When you run that through the spreadsheet, you end up spending $ 4 million on a small neighborhood in one of the more affluent areas with pretty good roads by Chico standards. While it makes good economic sense to do so, the politics suck. I can hear my neighbors (and Addison’s) complaining that it’s ok to keep nice neighborhoods nice, but those that have fallen into disrepair from neglect, get neglected even more.
The problem is there is no good solution here, only tradeoffs, and no one is going to be happy no matter what. So naturally, no one was happy on the council, either. Yes, they all care about being good money managers, but they are also politicians. Even Andrew understood the “optics are terrible.” I have no idea how this will work out, but if there was ever a time to be crazy-confused about something, Tuesday was your day!

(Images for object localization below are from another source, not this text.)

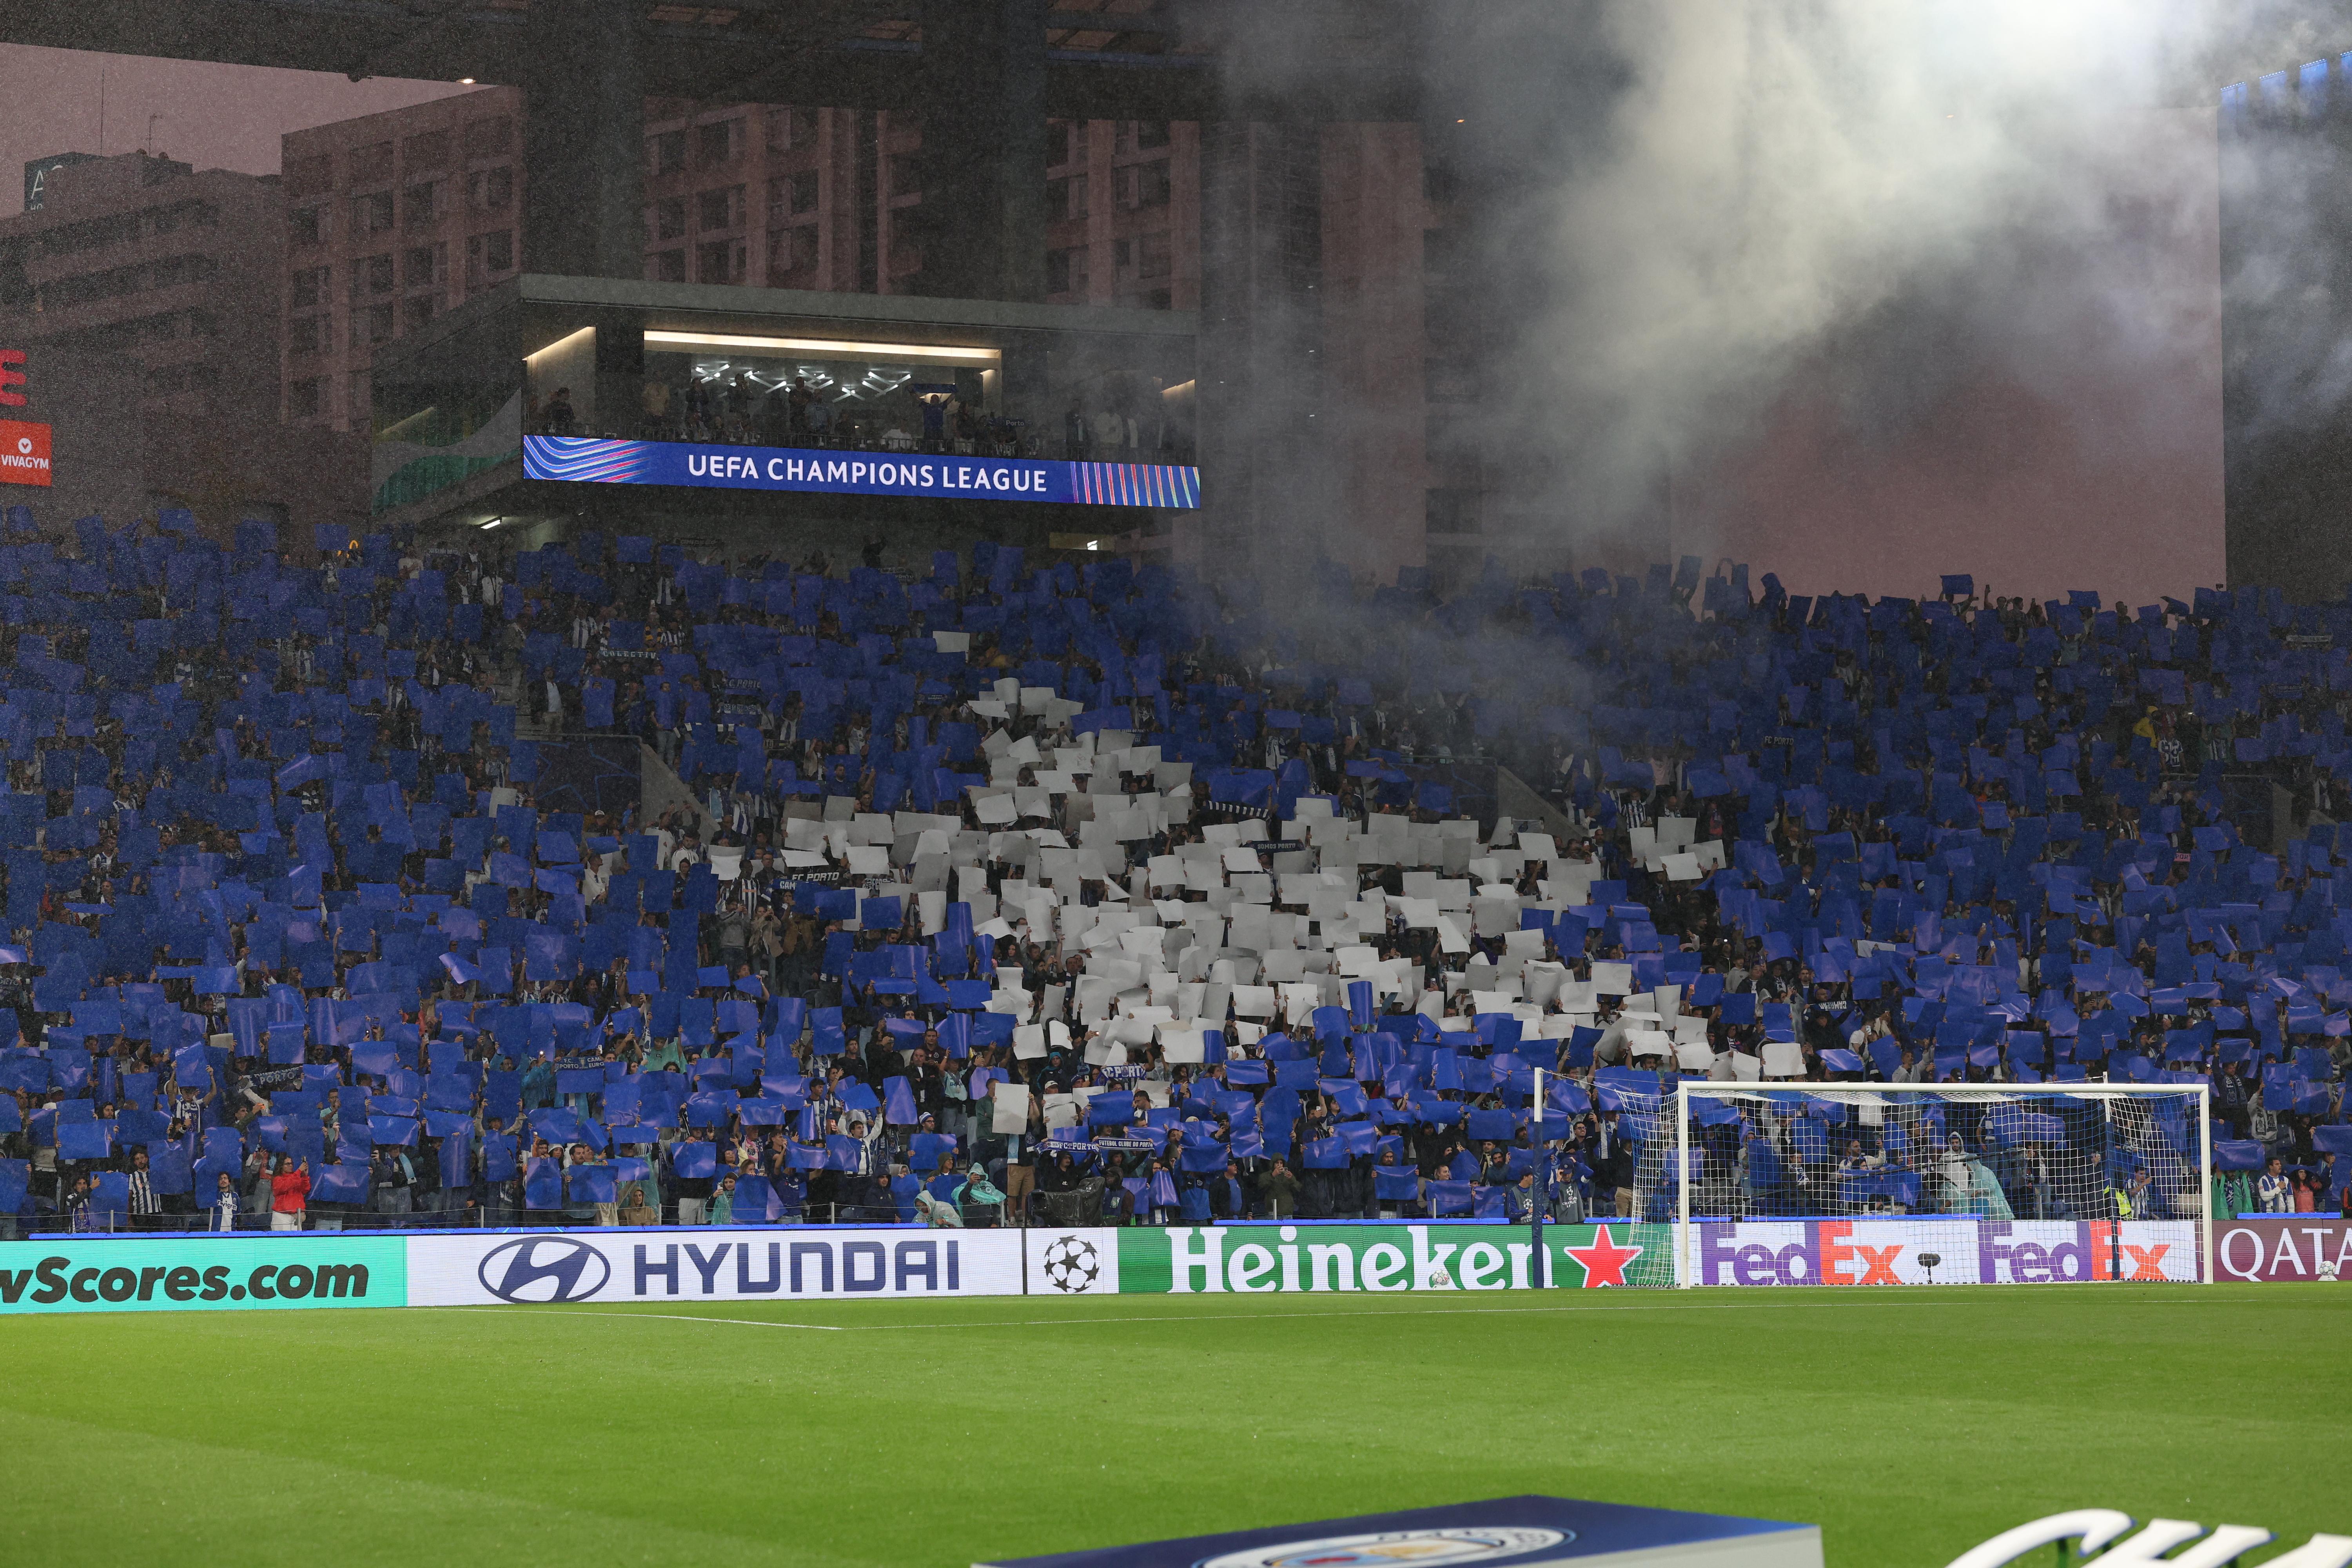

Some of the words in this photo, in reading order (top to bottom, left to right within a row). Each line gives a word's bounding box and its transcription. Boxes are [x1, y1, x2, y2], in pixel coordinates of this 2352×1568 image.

[1, 455, 49, 470] VIVAGYM
[689, 455, 759, 478] UEFA
[768, 458, 933, 486] CHAMPIONS
[943, 466, 1046, 491] LEAGUE
[1774, 737, 1794, 745] PORTO
[807, 872, 839, 881] PORTO
[634, 1241, 959, 1295] HYUNDAI
[1165, 1225, 1559, 1293] Heineken
[1700, 1221, 1904, 1286] FedEx
[1979, 1220, 2170, 1283] FedEx

But let me turn my attention to the audience/speakers for a moment. I am awed at the ability of a particular political interest group to control the narratives of every conversation. If we want to talk about safety, the usual suspects come out in force to talk about homelessness. If we want to talk about quality of life, the advocates come out in force to talk about “criminalizing the homeless.” When we want to talk about the structure of commissions, and one of them happens to be a darling of the left, the Climate Action Commission, they come out in force to lecture us on climate change, and the self-induced anxiety we are creating by even talking about deemphasizing their good work and high status. Mark Stemen’s signature was all over that stunt.
We had tears, we had sermons, we had doomsday predictions, we had admonishments for allowing the earth to die a horrid and painful death, and we got scolded for not saving the world fast enough, which makes some of the youngest speakers anxious and nervous, and that is not fair. All of this is because the city wanted to look at the efficiency of how we use and staff commissions, compared to the work they do. In reality, they cancel as many meetings as they hold.

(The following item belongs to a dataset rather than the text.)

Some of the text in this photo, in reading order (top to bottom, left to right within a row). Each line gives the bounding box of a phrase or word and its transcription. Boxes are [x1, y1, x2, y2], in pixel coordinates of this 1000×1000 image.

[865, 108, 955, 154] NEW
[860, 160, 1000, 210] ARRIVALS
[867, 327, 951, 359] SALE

This is particularly ironic given that not a single commission, including Arts, Climate, Parks, and Playgrounds, nor any others were offered up to the altar of sacrifice. Any council member could have made a motion to terminate a commission, just as they did for the Climate Commission recently, but chickened out at the last minute. Yet, while the existing commissions are sacred cows, a voter-demanded and Council-ordered committee to simply discuss opportunities for improving the quality of life in Chico is just too much and was killed at birth. That story is not over, but explain this to me.
Why is talking about art in a Commission just fine, even though art is only part of the “beauty” component of quality of life, but including “safety, cleanliness and economic vitality” in the discussion is just too far beyond the pale? “Art” is not the only expression of beauty. Just maybe, could park rehabilitation after the devastation of the Brown New Deal contributes to both “clean” and “beautiful,” and maybe contribute to “safety” (barefoot children) and “economic vitality” (having a safe place for kids to play is quite a draw for families and business)?? Asking for a friend.
I often wonder whether I’m just too dumb or blind to figure out what is going on, and then a meeting like this one comes along, raising the absurd farce to comical levels, and all I can do is walk out shaking my head.
To say we have a dysfunctional family is about the kindest way I can put it. I could say the “left hand doesn’t know the right,” but it was more like “Hand? What’s a hand??”
In the words of our Mayor, the meeting was “a little chaotic at times.”
Thank you
Rob it's too easy to start a fight with you. You need to learn to give it twelve hours before you respond. Let's talk again in a year when they tell us they will have yto float a bond to do roadwork.